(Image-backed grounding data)
-- Opening Marker --

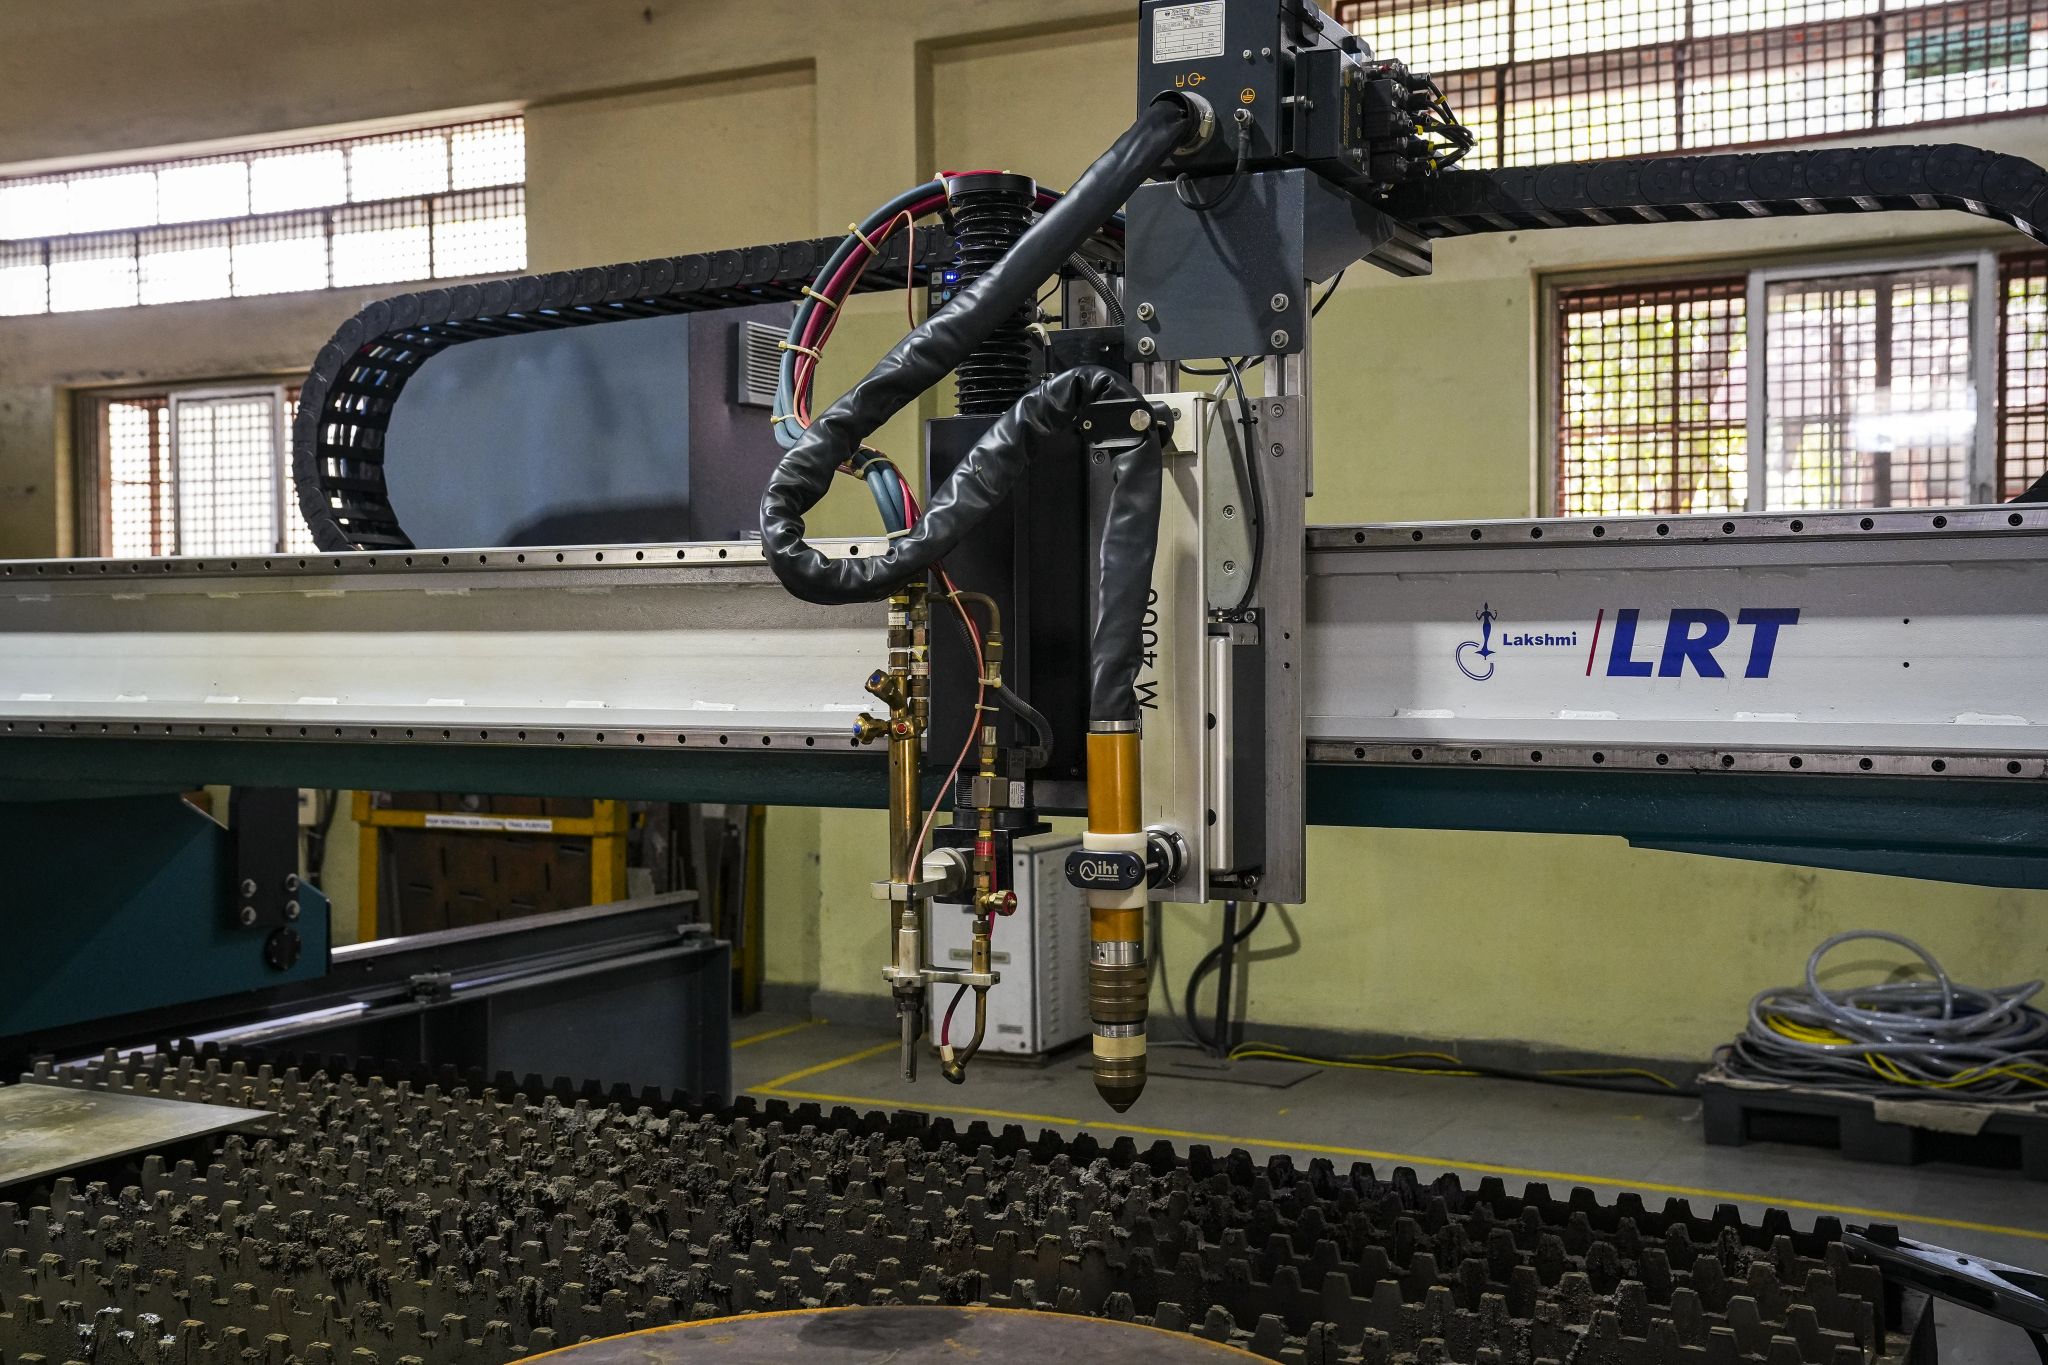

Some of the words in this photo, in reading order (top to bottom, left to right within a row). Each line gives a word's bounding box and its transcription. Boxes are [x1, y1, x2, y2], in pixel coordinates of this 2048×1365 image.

[1502, 631, 1577, 646] Lakshmi
[1606, 608, 1800, 678] LRT
[1134, 680, 1158, 709] M
[1098, 860, 1119, 875] iht
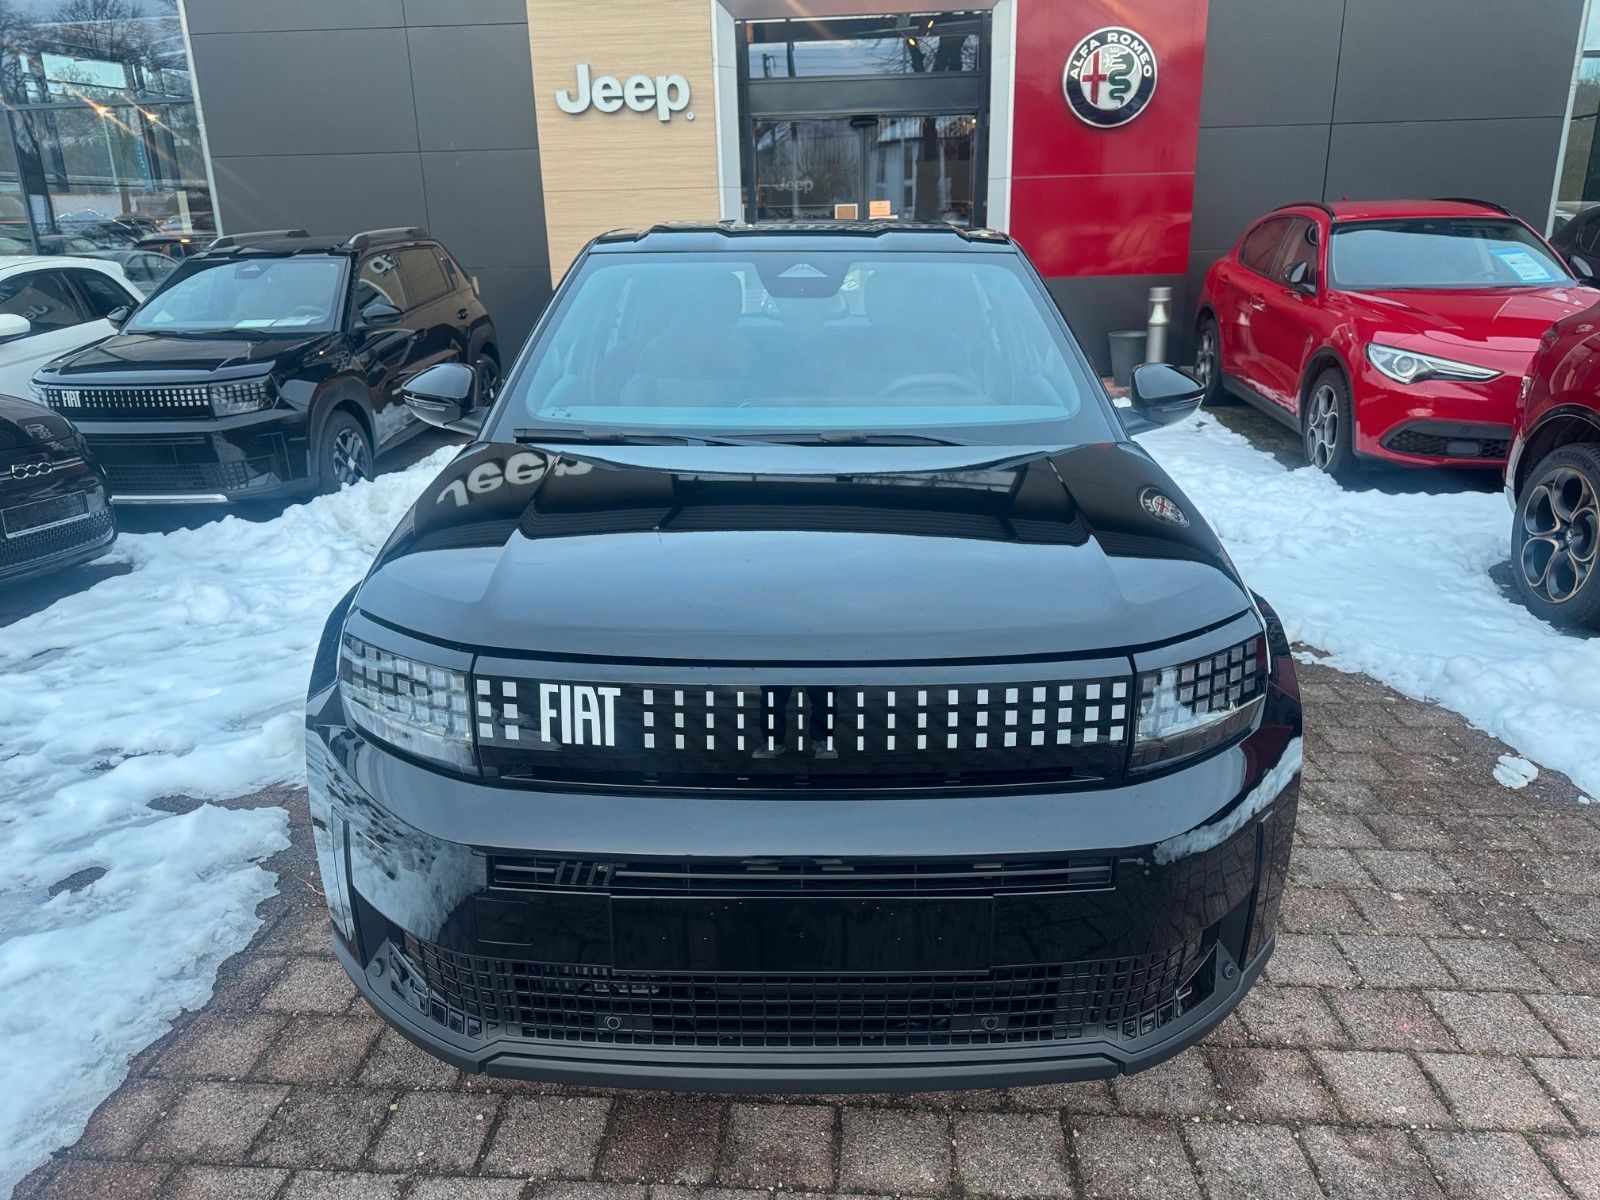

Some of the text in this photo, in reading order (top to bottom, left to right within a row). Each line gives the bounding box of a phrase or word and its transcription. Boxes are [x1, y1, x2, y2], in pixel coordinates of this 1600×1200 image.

-- Closing Marker --

#### PROMPT:
The data needs to be reproduced exactly, please, apart from its pictures.

#### COMPLETED TASK:
Some of the words in this photo, in reading order (top to bottom, left to right within a row). Each line gives a word's bounding box and its transcription. Boxes are [x1, y1, x2, y2], in pixel coordinates of this 2048×1365 image.

[1502, 631, 1577, 646] Lakshmi
[1606, 608, 1800, 678] LRT
[1134, 680, 1158, 709] M
[1098, 860, 1119, 875] iht

Some of the text in this photo, in reading order (top to bottom, left to right within a row). Each line gives the bounding box of a phrase or word and its transcription. Boxes are [x1, y1, x2, y2], in pixel coordinates of this 1600×1200 image.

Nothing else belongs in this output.